*Work to be completed*: Could you extract every entry below and reproduce it exactly?
[Listed records]
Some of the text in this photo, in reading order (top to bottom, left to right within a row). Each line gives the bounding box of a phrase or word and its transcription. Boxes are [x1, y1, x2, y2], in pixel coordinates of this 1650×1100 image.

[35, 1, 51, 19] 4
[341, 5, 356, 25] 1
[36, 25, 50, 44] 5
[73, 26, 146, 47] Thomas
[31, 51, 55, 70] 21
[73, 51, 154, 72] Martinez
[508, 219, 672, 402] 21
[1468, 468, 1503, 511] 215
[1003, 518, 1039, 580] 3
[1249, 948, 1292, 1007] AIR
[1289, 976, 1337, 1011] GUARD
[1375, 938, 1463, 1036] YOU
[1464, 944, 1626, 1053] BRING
[/Listed records]
*The answer*:
Some of the text in this photo, in reading order (top to bottom, left to right within a row). Each line gives the bounding box of a phrase or word and its transcription. Boxes are [x1, y1, x2, y2], in pixel coordinates of this 1650×1100 image.

[35, 1, 51, 19] 4
[341, 5, 356, 25] 1
[36, 25, 50, 44] 5
[73, 26, 146, 47] Thomas
[31, 51, 55, 70] 21
[73, 51, 154, 72] Martinez
[508, 219, 672, 402] 21
[1468, 468, 1503, 511] 215
[1003, 518, 1039, 580] 3
[1249, 948, 1292, 1007] AIR
[1289, 976, 1337, 1011] GUARD
[1375, 938, 1463, 1036] YOU
[1464, 944, 1626, 1053] BRING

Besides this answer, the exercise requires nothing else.